- [Exercise]: The lines from the one containing "this 1300×1785 image." through the end of the entries are what to output; reproduce them exactly and add nothing.

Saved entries
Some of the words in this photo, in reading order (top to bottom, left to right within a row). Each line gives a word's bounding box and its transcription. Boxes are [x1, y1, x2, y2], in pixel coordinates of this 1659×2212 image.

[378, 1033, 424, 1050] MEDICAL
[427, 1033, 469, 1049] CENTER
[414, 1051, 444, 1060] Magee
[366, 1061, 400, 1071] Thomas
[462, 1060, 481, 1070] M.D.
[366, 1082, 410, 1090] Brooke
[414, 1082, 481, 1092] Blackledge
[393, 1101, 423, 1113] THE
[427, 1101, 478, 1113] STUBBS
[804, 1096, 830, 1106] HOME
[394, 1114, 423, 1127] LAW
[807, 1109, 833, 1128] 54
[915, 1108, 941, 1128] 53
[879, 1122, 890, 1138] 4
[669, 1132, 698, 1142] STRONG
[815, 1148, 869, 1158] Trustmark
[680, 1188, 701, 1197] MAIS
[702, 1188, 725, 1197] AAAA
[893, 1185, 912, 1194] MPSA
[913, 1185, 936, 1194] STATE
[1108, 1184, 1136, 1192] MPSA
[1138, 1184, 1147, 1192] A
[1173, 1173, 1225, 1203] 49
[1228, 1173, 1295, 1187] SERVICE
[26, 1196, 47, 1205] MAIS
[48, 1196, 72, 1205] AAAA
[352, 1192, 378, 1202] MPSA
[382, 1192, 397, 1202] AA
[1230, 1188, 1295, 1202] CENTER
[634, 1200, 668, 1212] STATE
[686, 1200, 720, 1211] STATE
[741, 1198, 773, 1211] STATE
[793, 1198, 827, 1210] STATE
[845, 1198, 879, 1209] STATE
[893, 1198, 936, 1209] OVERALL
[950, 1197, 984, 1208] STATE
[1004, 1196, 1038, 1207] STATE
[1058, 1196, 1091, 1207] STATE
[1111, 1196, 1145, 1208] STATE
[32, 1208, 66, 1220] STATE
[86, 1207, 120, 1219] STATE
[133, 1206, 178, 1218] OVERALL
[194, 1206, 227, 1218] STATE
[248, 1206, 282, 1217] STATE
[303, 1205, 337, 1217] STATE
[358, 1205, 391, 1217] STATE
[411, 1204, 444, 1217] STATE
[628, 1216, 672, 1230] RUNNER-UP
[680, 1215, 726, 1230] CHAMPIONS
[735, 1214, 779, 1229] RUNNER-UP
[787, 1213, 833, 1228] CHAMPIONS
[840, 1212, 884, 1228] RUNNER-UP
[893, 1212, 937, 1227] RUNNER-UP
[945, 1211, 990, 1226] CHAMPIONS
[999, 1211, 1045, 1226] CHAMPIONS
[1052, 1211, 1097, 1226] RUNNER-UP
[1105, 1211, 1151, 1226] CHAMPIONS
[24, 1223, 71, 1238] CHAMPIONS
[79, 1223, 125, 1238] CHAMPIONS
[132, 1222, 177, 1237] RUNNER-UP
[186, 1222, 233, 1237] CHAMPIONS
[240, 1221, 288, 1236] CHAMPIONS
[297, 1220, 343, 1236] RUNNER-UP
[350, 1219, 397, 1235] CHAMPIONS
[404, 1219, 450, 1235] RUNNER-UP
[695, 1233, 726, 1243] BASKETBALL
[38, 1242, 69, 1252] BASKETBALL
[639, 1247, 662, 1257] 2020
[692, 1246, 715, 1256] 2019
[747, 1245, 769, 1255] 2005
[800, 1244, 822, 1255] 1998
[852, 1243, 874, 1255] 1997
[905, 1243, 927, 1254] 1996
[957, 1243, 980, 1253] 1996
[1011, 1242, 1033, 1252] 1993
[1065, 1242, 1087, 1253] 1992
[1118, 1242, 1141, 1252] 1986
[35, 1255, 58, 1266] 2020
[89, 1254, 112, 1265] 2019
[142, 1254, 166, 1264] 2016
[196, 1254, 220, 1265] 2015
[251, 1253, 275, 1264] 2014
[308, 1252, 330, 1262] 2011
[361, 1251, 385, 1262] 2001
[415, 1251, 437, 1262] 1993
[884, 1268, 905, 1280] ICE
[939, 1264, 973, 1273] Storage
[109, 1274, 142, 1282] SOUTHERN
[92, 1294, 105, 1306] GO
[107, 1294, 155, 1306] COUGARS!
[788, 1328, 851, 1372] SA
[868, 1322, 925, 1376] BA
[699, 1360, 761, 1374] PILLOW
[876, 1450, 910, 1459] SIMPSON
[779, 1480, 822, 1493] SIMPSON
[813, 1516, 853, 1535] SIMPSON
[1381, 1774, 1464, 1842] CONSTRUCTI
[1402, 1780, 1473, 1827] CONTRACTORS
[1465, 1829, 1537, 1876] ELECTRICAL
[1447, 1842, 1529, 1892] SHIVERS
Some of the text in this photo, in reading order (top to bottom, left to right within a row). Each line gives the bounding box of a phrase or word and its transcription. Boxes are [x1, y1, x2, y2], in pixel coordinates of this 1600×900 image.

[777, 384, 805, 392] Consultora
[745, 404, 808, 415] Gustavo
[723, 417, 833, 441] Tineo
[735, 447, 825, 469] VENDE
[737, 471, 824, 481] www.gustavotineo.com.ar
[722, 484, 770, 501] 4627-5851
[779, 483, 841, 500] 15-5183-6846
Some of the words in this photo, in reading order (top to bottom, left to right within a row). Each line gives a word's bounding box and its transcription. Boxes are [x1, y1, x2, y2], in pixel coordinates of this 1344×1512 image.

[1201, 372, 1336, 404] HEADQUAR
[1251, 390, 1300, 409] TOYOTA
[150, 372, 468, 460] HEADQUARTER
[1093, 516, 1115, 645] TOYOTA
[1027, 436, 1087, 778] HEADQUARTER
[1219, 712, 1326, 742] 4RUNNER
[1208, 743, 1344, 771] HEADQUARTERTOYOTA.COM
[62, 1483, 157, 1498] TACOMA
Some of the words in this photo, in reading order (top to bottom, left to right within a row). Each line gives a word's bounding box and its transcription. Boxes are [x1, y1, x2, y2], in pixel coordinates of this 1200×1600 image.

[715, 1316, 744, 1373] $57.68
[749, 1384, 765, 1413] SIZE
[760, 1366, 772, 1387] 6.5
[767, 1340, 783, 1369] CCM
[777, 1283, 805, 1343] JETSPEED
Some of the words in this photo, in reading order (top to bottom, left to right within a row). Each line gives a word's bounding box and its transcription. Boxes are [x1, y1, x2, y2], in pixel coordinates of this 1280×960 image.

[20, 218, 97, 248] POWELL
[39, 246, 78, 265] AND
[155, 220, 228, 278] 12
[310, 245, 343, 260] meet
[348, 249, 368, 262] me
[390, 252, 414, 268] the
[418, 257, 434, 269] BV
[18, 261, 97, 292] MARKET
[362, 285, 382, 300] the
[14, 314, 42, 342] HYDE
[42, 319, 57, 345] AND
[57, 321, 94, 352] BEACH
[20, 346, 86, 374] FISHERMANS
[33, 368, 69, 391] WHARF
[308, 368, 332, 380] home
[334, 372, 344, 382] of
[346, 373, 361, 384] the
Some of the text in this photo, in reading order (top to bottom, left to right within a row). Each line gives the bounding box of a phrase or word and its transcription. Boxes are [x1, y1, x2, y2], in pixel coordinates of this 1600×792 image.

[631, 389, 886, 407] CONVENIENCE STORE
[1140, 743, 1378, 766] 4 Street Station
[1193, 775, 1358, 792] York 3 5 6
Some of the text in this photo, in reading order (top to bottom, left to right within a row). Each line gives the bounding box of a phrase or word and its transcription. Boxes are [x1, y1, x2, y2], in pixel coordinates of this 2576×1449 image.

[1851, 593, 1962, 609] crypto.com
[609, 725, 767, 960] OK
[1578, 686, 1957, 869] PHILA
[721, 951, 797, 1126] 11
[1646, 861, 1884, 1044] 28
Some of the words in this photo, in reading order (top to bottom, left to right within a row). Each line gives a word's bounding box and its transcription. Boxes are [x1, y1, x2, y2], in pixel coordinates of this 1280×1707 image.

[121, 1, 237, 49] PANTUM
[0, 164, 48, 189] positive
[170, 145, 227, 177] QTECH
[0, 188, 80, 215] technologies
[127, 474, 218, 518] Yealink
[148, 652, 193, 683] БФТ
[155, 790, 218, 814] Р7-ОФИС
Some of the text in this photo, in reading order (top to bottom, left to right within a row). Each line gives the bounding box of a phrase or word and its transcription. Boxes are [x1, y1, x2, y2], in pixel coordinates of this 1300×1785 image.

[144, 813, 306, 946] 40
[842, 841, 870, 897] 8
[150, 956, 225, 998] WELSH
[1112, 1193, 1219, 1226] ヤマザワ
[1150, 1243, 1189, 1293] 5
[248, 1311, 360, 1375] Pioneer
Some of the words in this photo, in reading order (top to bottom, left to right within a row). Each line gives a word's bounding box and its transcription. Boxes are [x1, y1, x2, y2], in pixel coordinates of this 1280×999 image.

- [Your response]:
Some of the text in this photo, in reading order (top to bottom, left to right within a row). Each line gives the bounding box of a phrase or word and its transcription. Boxes are [x1, y1, x2, y2], in pixel coordinates of this 1300×1785 image.

[144, 813, 306, 946] 40
[842, 841, 870, 897] 8
[150, 956, 225, 998] WELSH
[1112, 1193, 1219, 1226] ヤマザワ
[1150, 1243, 1189, 1293] 5
[248, 1311, 360, 1375] Pioneer
Some of the words in this photo, in reading order (top to bottom, left to right within a row). Each line gives a word's bounding box and its transcription. Boxes are [x1, y1, x2, y2], in pixel coordinates of this 1280×999 image.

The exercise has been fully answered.